The global economic instability of the last two years not only offers another salient example of troubling change but also illustrates its direct impact on colleges such as Dickinson. Even in good times, Strategic Plan I noted the following economic stressors:

the declining popularity of the residential liberal arts experience; the high cost of financial aid; the emerging competition from the for-profit education industry; the potential challenge of distance learning; the rising costs of health and liability insurance; the increasing litigiousness of society and the high costs of legal services; the decreasing funding available through state, federal and private organizations to liberal-arts colleges; the high cost of equipment in the sciences and computer technology generally; and the increasingly consumer-oriented parent and student audiences that enjoy wide choices and, therefore, require high levels of service.

The current economic downturn has exacerbated all of these challenges and added others. Instability has eroded endowments and has reduced support from foundations, government, and, most importantly, private donors. More threatening for tuition-dependent institutions such as Dickinson, families have seen a downturn in their assets and ability to afford higher education—this effect multiplied by comparable erosion in their perceived ability to pay. When one adds a slip in the demographics of high school students in key recruitment pools for our college and its regional peers, we face a potentially severe weakening of demand for a Dickinson education. 
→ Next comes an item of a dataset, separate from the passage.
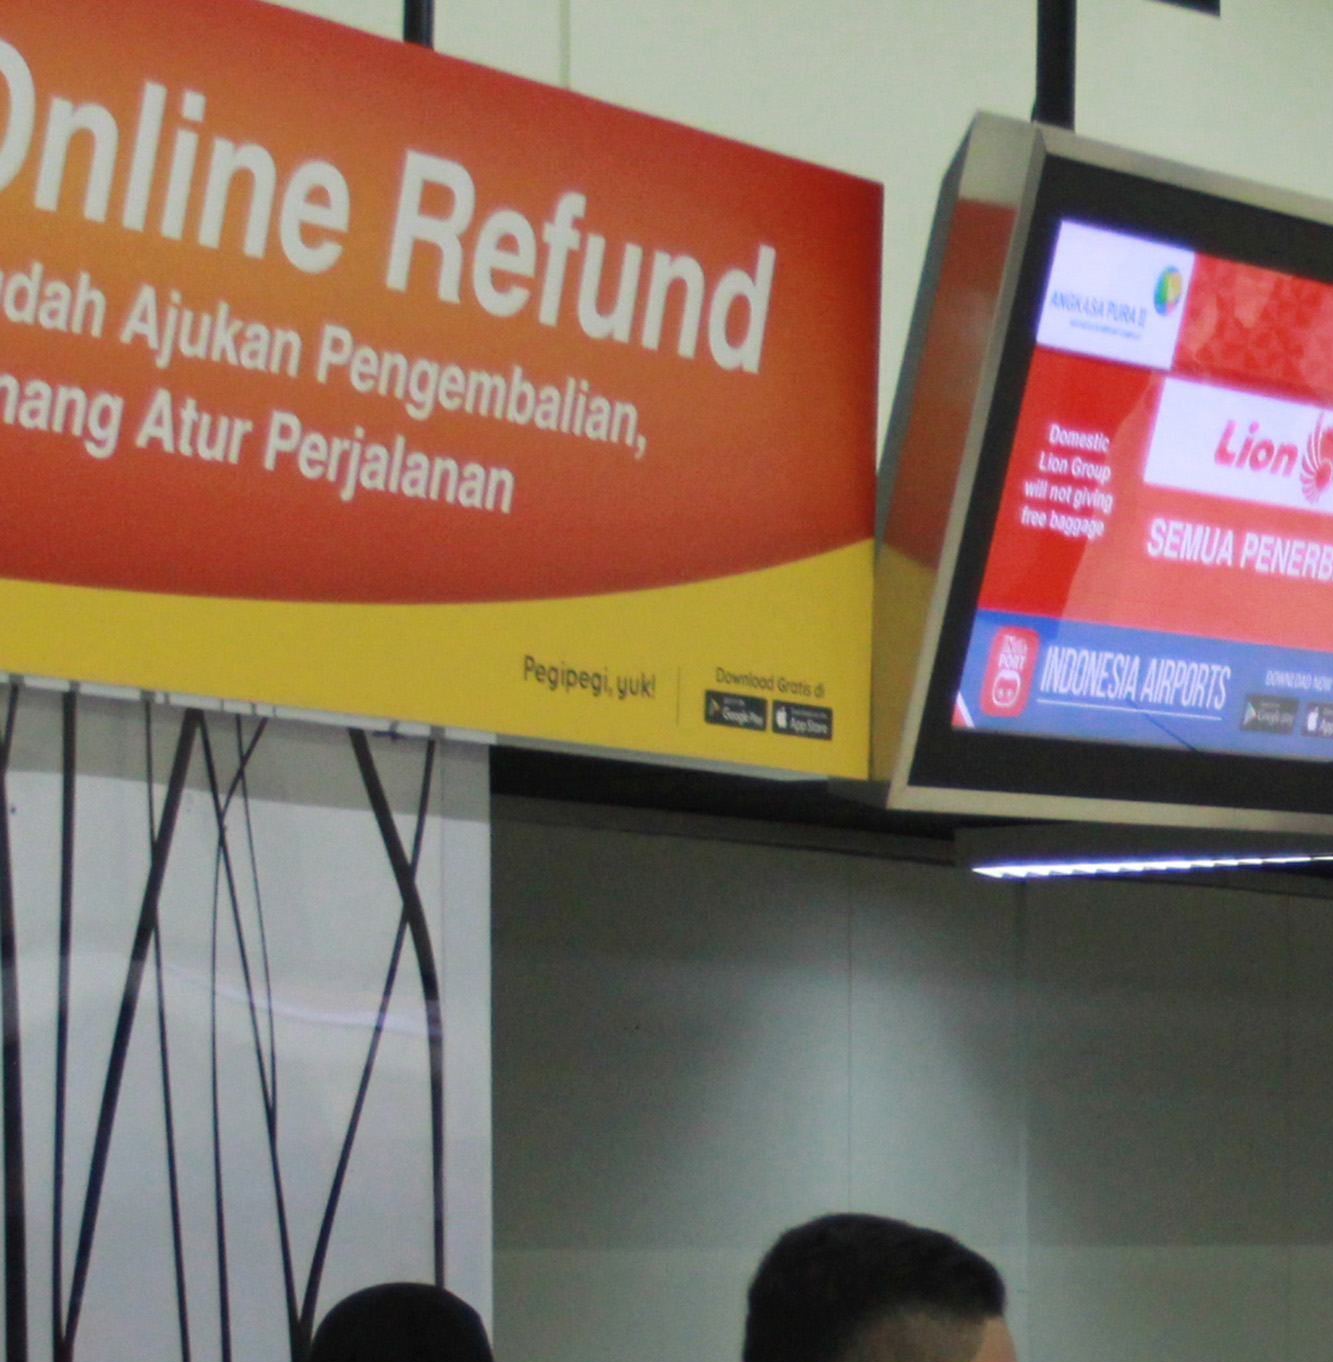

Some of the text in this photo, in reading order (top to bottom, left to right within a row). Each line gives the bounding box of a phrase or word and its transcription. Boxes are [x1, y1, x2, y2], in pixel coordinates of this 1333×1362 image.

One further troubling development is heightened competition among colleges and universities, including our peer group. Students and their families are increasingly aware of choice in the recruitment process. Higher education institutions are responding not only by deepening programs but also by providing ever more services and amenities and by offering steadily larger amounts of financial aid often based on merit rather than need. This type of competition presents an especially acute problem for Dickinson, since we have moved into a peer group of wealthier and, traditionally, more prestigious colleges. 

Despite these challenges, we see real opportunities for Dickinson. For example, while traditional pools of potential students are leveling off or shrinking, new and more diverse populations are opening to us. Public questioning of a liberal-arts education is matched by a growing, countervailing endorsement of what we do. The recent effort of military service academies to redefine themselves as liberal-arts institutions is one salient example of this trend. Voices emphasizing the timeliness of our type of education have appeared in the business community and media. Though disparate in particulars, advocates for what we do share a conviction that the very nature of the changes surrounding us—the speed, complexity and high stakes of our times—makes liberal learning more not less essential. We need, they argue convincingly, leaders and a public who comfortably and regularly cross the borders of culture, language and knowledge.

Even the increasingly competitive, fluid situation within higher education can be turned to the advantage of dynamic institutions with strong value propositions and the ability to innovate. Since the articulation of Strategic Plan I, Dickinson has demonstrated that it is one such institution.